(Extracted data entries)

○ ○ ○

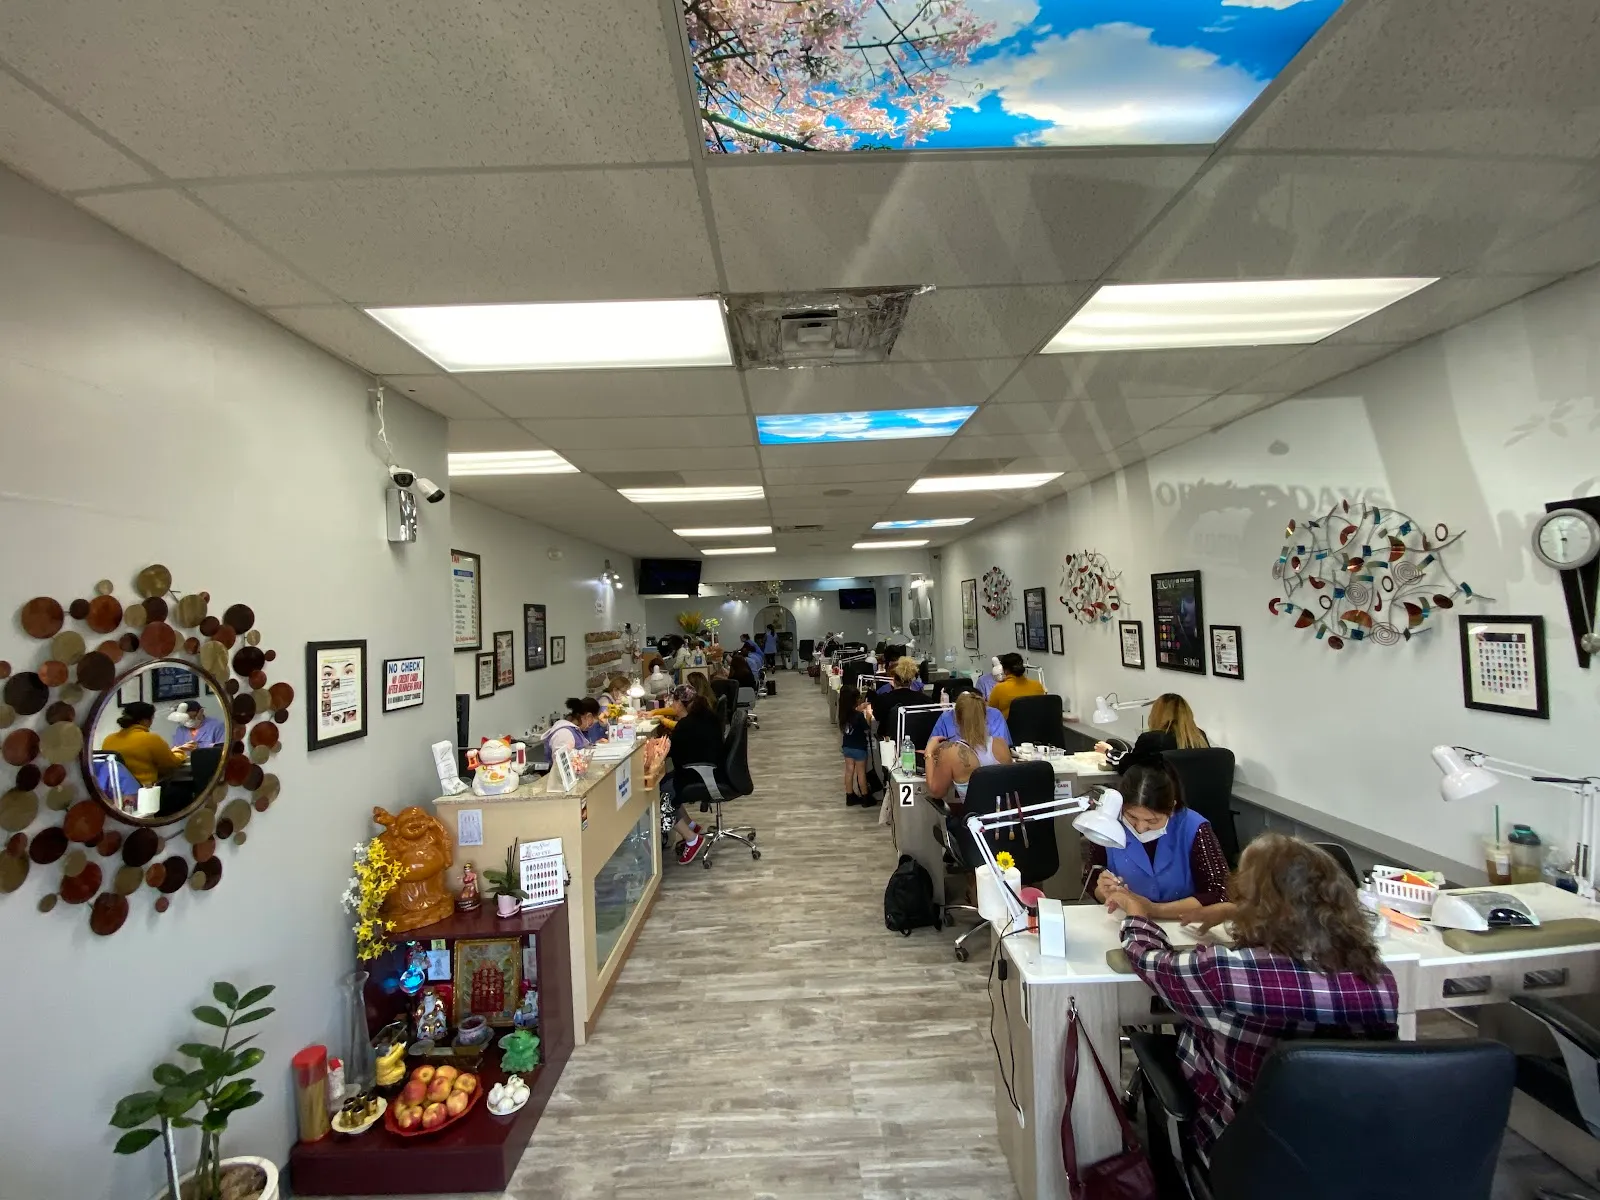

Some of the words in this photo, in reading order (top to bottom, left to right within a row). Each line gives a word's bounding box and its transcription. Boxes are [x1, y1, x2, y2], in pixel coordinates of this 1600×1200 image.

[389, 663, 397, 674] NO
[401, 661, 420, 672] CHECK
[398, 674, 410, 682] CREDIT
[410, 673, 418, 682] CARD
[388, 684, 398, 694] AFTER
[398, 682, 413, 693] BUSINESS
[902, 786, 911, 805] 2

○ ○ ○

Output every line above exactly as it stands, and drop any picture.

Some of the words in this photo, in reading order (top to bottom, left to right within a row). Each line gives a word's bounding box and its transcription. Boxes are [x1, y1, x2, y2], in pixel coordinates of this 1600×1200 image.

[389, 663, 397, 674] NO
[401, 661, 420, 672] CHECK
[398, 674, 410, 682] CREDIT
[410, 673, 418, 682] CARD
[388, 684, 398, 694] AFTER
[398, 682, 413, 693] BUSINESS
[902, 786, 911, 805] 2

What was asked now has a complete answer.